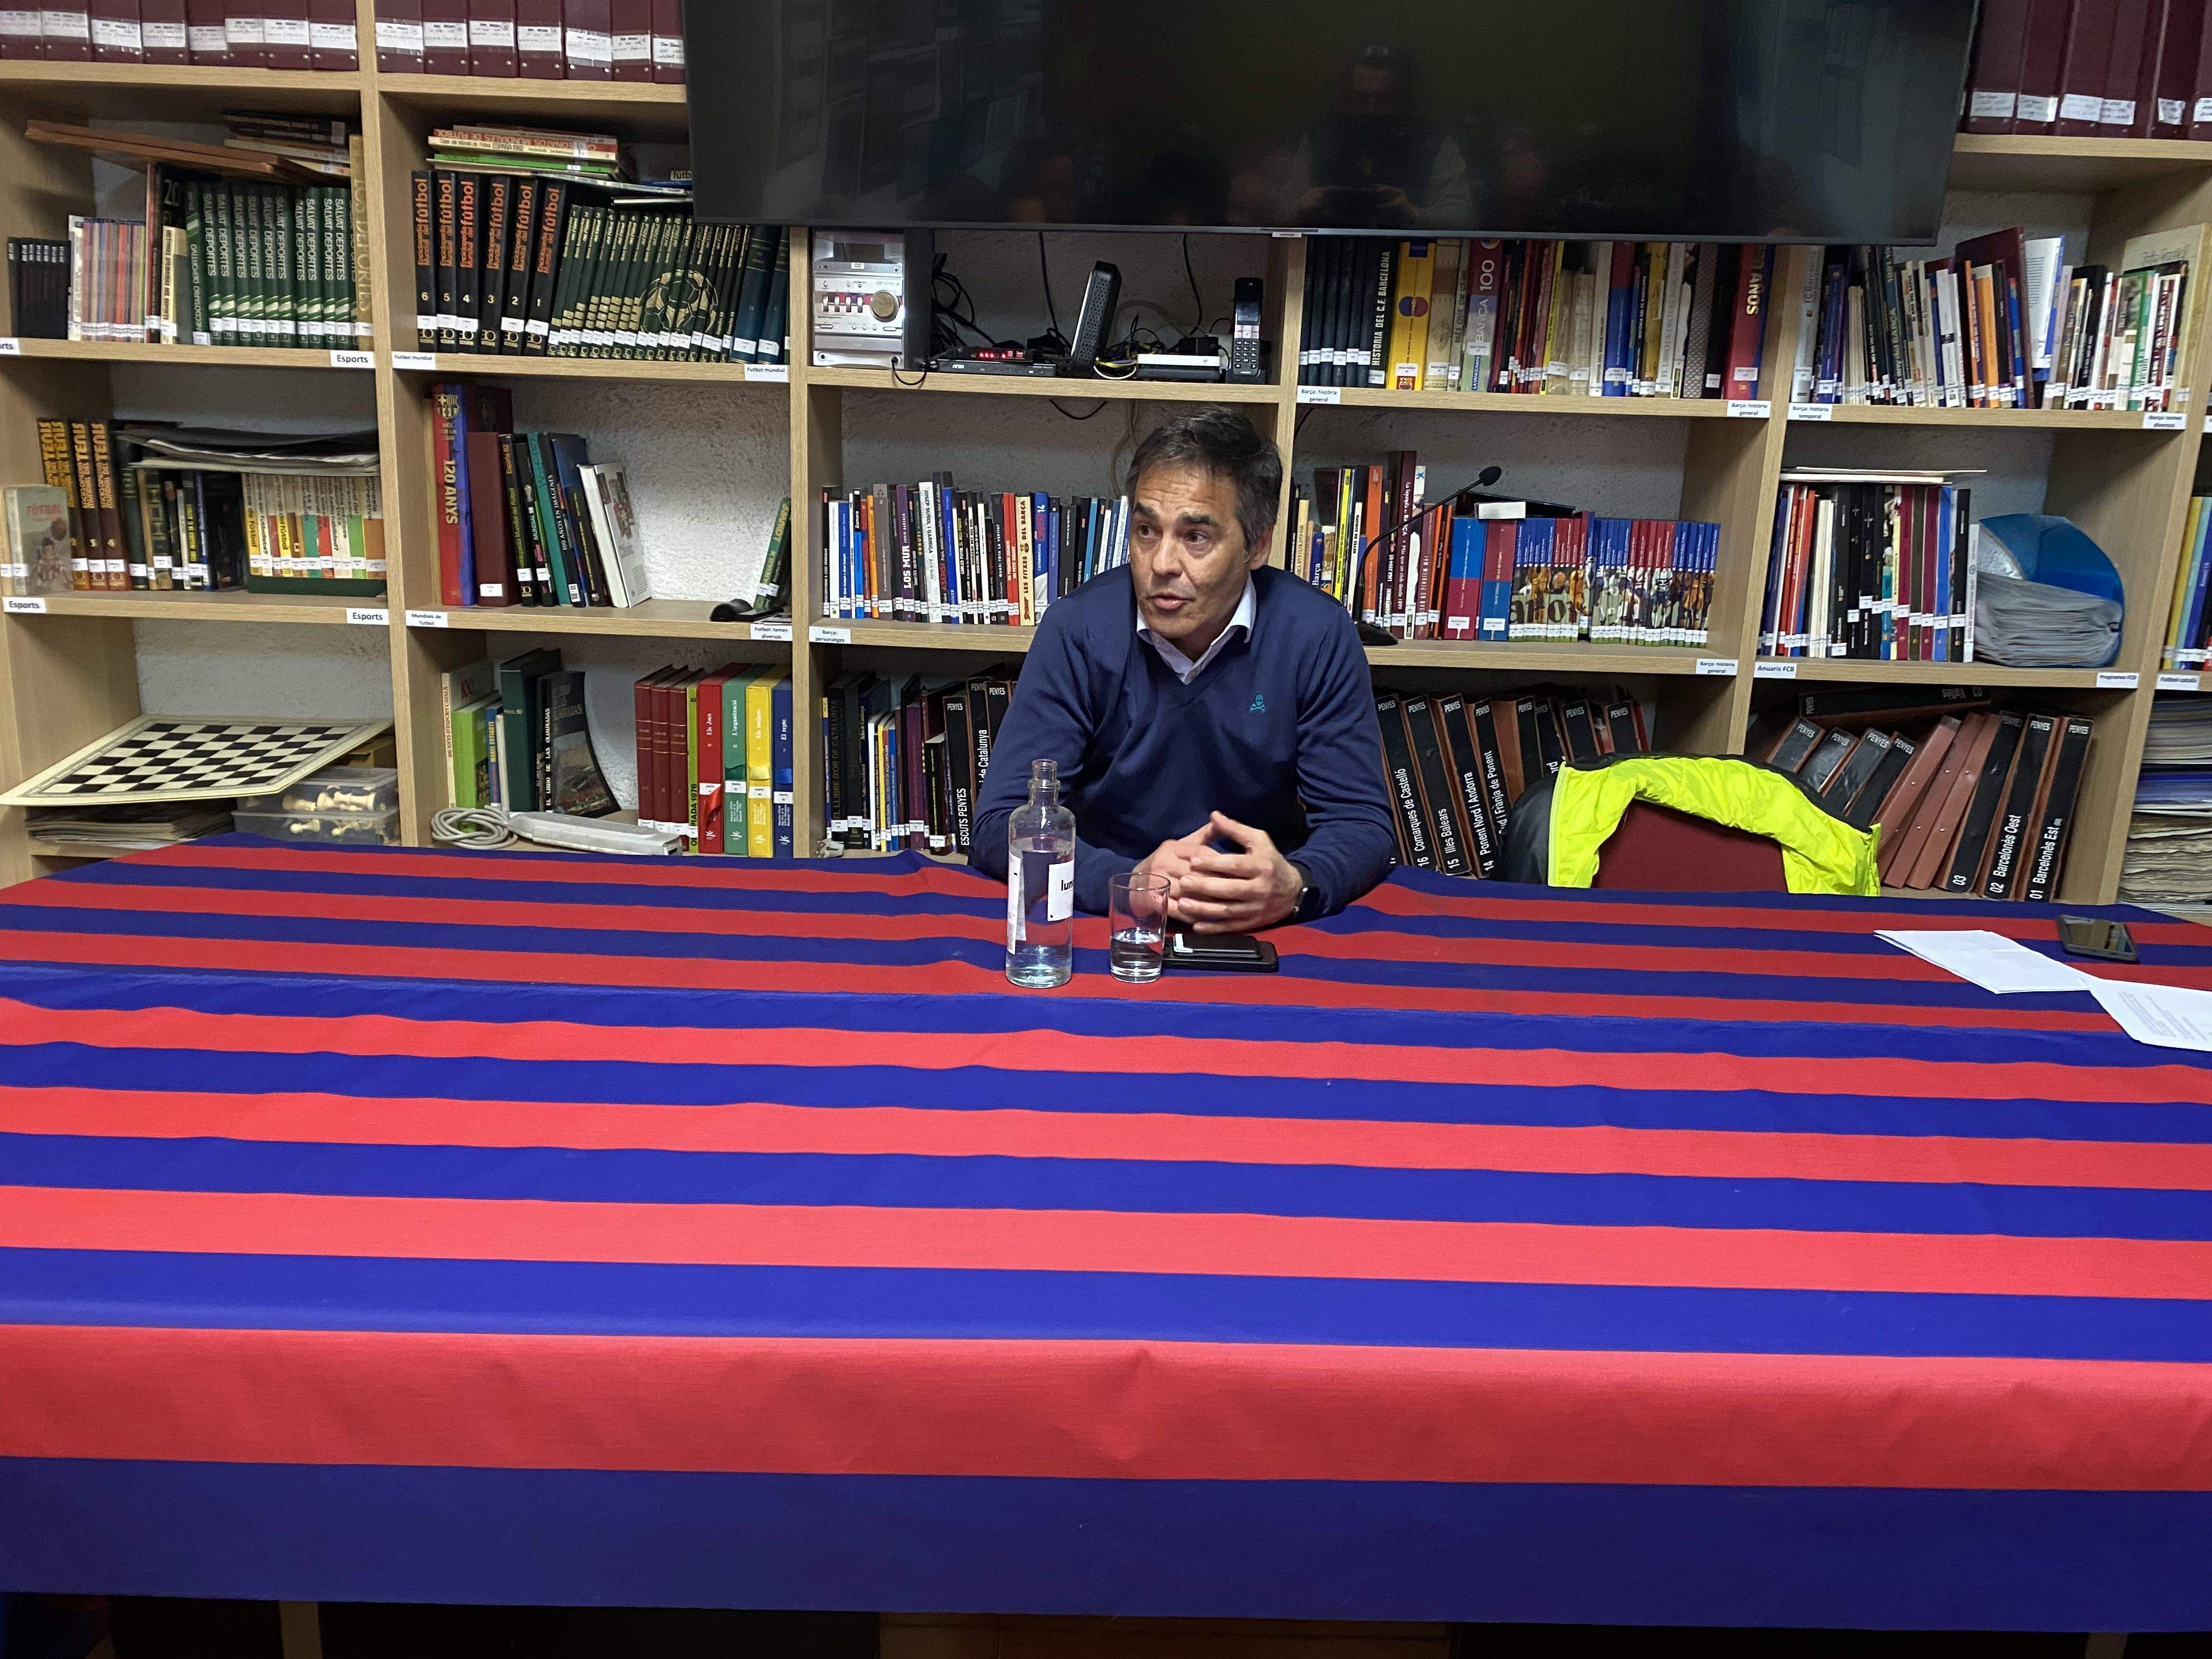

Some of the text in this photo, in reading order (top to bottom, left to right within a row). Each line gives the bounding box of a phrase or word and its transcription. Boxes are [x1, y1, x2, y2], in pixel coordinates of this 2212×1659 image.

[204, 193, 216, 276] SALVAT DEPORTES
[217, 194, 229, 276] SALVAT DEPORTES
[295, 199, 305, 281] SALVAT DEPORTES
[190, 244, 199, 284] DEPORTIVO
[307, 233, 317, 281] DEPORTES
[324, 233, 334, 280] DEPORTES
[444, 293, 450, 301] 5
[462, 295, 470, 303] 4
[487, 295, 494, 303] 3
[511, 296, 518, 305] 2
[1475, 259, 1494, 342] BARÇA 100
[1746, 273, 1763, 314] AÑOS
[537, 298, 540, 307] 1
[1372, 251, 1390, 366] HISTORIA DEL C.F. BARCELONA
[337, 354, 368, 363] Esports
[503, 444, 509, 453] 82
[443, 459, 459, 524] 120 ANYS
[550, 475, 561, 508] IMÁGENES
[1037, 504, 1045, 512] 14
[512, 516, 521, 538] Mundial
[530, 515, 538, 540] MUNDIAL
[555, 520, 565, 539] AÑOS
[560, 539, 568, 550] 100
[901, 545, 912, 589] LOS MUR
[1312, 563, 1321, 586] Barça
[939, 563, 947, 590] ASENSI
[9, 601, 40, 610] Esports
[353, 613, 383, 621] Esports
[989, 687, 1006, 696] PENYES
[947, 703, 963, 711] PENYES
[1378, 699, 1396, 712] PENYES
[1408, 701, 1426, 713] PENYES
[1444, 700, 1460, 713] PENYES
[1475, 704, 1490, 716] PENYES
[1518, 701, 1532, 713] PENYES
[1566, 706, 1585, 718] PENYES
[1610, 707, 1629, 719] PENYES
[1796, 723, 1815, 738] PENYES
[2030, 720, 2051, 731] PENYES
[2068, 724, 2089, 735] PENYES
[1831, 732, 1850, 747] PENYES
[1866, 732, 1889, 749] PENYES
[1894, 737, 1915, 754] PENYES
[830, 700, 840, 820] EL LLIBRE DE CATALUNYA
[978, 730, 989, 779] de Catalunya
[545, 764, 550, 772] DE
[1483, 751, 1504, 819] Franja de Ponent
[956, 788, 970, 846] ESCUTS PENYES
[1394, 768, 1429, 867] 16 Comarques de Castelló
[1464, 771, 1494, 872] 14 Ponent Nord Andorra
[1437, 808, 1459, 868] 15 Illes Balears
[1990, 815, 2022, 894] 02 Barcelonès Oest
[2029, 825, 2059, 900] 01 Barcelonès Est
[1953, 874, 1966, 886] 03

YOUR OBJECTIVE: Leave the pictures aside and output each entry exactly as it stands.

EXERCISE RESULT:
Some of the text in this photo, in reading order (top to bottom, left to right within a row). Each line gives the bounding box of a phrase or word and its transcription. Boxes are [x1, y1, x2, y2], in pixel coordinates of this 2212×1659 image.

[204, 193, 216, 276] SALVAT DEPORTES
[217, 194, 229, 276] SALVAT DEPORTES
[295, 199, 305, 281] SALVAT DEPORTES
[190, 244, 199, 284] DEPORTIVO
[307, 233, 317, 281] DEPORTES
[324, 233, 334, 280] DEPORTES
[444, 293, 450, 301] 5
[462, 295, 470, 303] 4
[487, 295, 494, 303] 3
[511, 296, 518, 305] 2
[1475, 259, 1494, 342] BARÇA 100
[1746, 273, 1763, 314] AÑOS
[537, 298, 540, 307] 1
[1372, 251, 1390, 366] HISTORIA DEL C.F. BARCELONA
[337, 354, 368, 363] Esports
[503, 444, 509, 453] 82
[443, 459, 459, 524] 120 ANYS
[550, 475, 561, 508] IMÁGENES
[1037, 504, 1045, 512] 14
[512, 516, 521, 538] Mundial
[530, 515, 538, 540] MUNDIAL
[555, 520, 565, 539] AÑOS
[560, 539, 568, 550] 100
[901, 545, 912, 589] LOS MUR
[1312, 563, 1321, 586] Barça
[939, 563, 947, 590] ASENSI
[9, 601, 40, 610] Esports
[353, 613, 383, 621] Esports
[989, 687, 1006, 696] PENYES
[947, 703, 963, 711] PENYES
[1378, 699, 1396, 712] PENYES
[1408, 701, 1426, 713] PENYES
[1444, 700, 1460, 713] PENYES
[1475, 704, 1490, 716] PENYES
[1518, 701, 1532, 713] PENYES
[1566, 706, 1585, 718] PENYES
[1610, 707, 1629, 719] PENYES
[1796, 723, 1815, 738] PENYES
[2030, 720, 2051, 731] PENYES
[2068, 724, 2089, 735] PENYES
[1831, 732, 1850, 747] PENYES
[1866, 732, 1889, 749] PENYES
[1894, 737, 1915, 754] PENYES
[830, 700, 840, 820] EL LLIBRE DE CATALUNYA
[978, 730, 989, 779] de Catalunya
[545, 764, 550, 772] DE
[1483, 751, 1504, 819] Franja de Ponent
[956, 788, 970, 846] ESCUTS PENYES
[1394, 768, 1429, 867] 16 Comarques de Castelló
[1464, 771, 1494, 872] 14 Ponent Nord Andorra
[1437, 808, 1459, 868] 15 Illes Balears
[1990, 815, 2022, 894] 02 Barcelonès Oest
[2029, 825, 2059, 900] 01 Barcelonès Est
[1953, 874, 1966, 886] 03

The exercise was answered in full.